Nurdin Topham of Nur Restaurant experiments with new flavours

Chef explores Asian and European fermentation, pickling and salting techniques, and puts some of them into action on menus; he dreams of having his own food laboratory one day

Nurdin Topham is exploring age-old techniques of food preservation.
Salting, fermenting and pickling - chef Nurdin Topham is adding age-old techniques from a variety of cultures to his repertoire of skills and the results are apparent on his new summer menu.

While you're reading this, Topham is likely to be taking a leaf out of the Noma book and foraging for produce on the outskirts of Copenhagen.

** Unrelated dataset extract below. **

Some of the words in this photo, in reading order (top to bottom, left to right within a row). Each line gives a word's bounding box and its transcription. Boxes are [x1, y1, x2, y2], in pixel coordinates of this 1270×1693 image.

Nur Restaurant's head chef is holidaying in northern Europe, but his influences don't just come from the leader of the new Scandinavian trend, where he worked researching new dishes. The chef, who also worked for Raymond Blanc for 10 years, has a background in nutritional therapy and a longstanding interest in Chinese and other Asian cuisines - influences apparent in his cooking.

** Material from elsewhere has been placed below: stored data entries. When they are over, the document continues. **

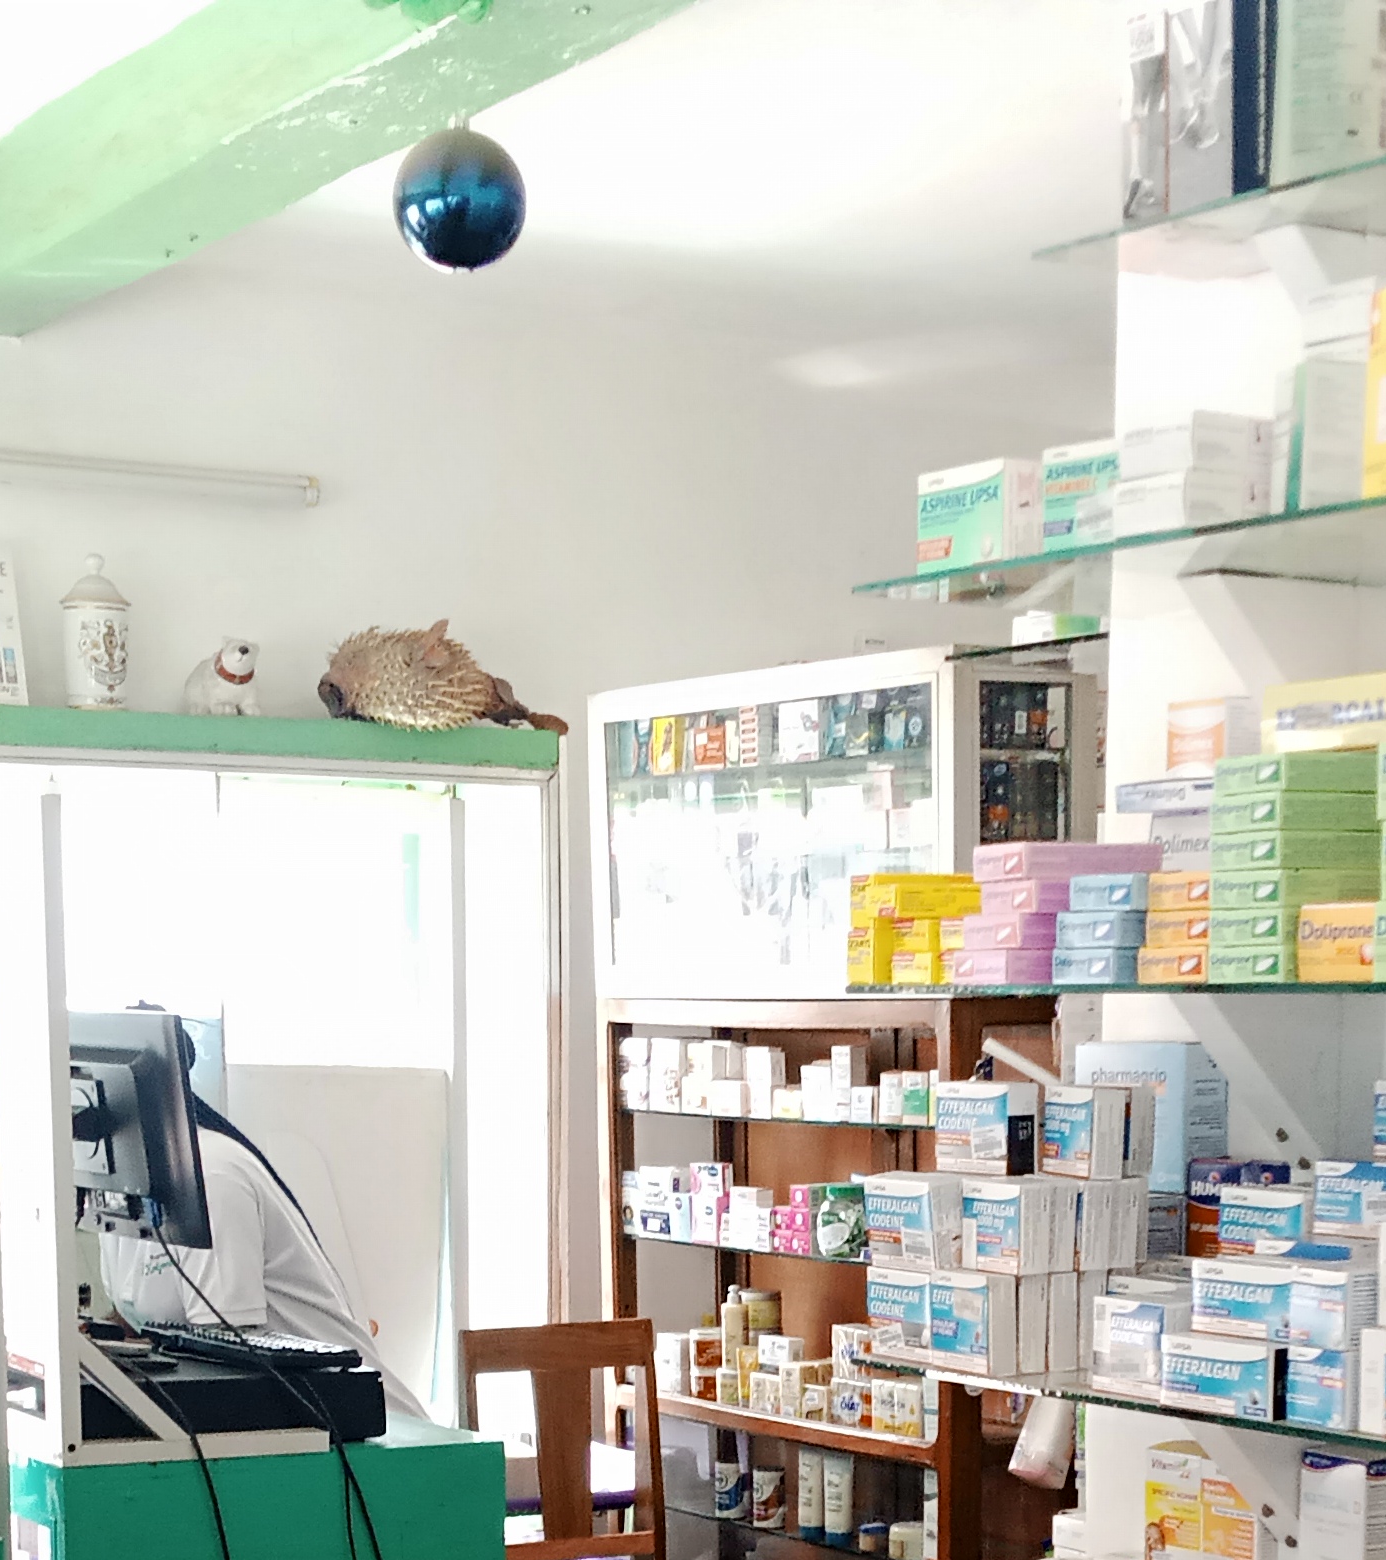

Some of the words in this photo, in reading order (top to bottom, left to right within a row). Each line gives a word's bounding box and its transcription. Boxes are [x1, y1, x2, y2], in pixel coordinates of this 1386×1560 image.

[939, 1100, 994, 1116] EFFERALGAN
[868, 1198, 920, 1214] EFFERALGAN
[973, 1200, 1016, 1216] EFFERALGAN
[870, 1286, 919, 1304] EFFERALGAN
[1196, 1281, 1274, 1303] EFFERALGAN
[1164, 1357, 1241, 1380] EFFERALGAN

Topham has been learning kung fu for 10 years and when he came to Hong Kong three years ago he found a who could teach him not only the martial art but also about tea. The nutritional therapy he studied was based on the Western scientific tradition but he says he also has respect for traditional Chinese medicine and the Ayurvedic tradition. To that end, Topham is now working with a Chinese herbalist, Marcus Gadau.

Located on the corner of Wellington Street and Lyndhurst Terrace, Nur is not too far from the specialist soy sauce shop Pat Chun and many other sources of Chinese fermented and dried goods. "We're still a very young restaurant and our aim is to express something of the region we're in, but that takes time without a food research laboratory, which is my ultimate dream."

We’re still a very young restaurant and our aim is to express something of the region we’re in, but that takes time without a food research laboratory, which is my ultimate dream
Nurdin Topham

That means that despite the aims, the restaurant has so far not moved beyond using Chinese mushrooms and dried scallops and Japanese kombu for stocks. Topham isn't joking about experimenting with Asian food, though. At the back of his restaurant is a large earthenware jar of home-made Korean soy sauce, a test batch definitely not to be given to customers. Topham describes the smell as "funky". A better word for this experiment might be "rank" - as Topham says, "It's not for the faint-hearted."

Topham's interest in these culinary techniques goes beyond his interest in Asian culinary methods - he says the techniques speak to mankind's ingenuity in eking out food when it was not abundant.

He's fascinated by preserving food through salting, and controlling flavour by managing the breakdown of different products such as the starches in vegetables. The Japanese he calls "absolute masters" of the techniques and he points to the long history such techniques have in China and Korea.

So far, so esoteric - but what does the food taste like? Topham says that controlling the rotting process generates all sorts of flavours. Dishes can be sweet and vinegary at the same time. "You have the ability to create food with rich flavours that you don't find in other foods," he says. Speaking as a nutritional therapist, he says preserving foods through salting or fermenting means more nutrients are "bio-available", which is good for general and even mental health. Perhaps for restaurant customers, however, flavour is likely to make more of an impact than nutrition.

The sourness of fermentation is apparent in the restaurant's sourdough bread, made from a 10-year-old starter that is fed every day and contains no artificial yeasts. The bread is a gorgeous chestnut brown with mustard yellow highlights, and exceptionally good.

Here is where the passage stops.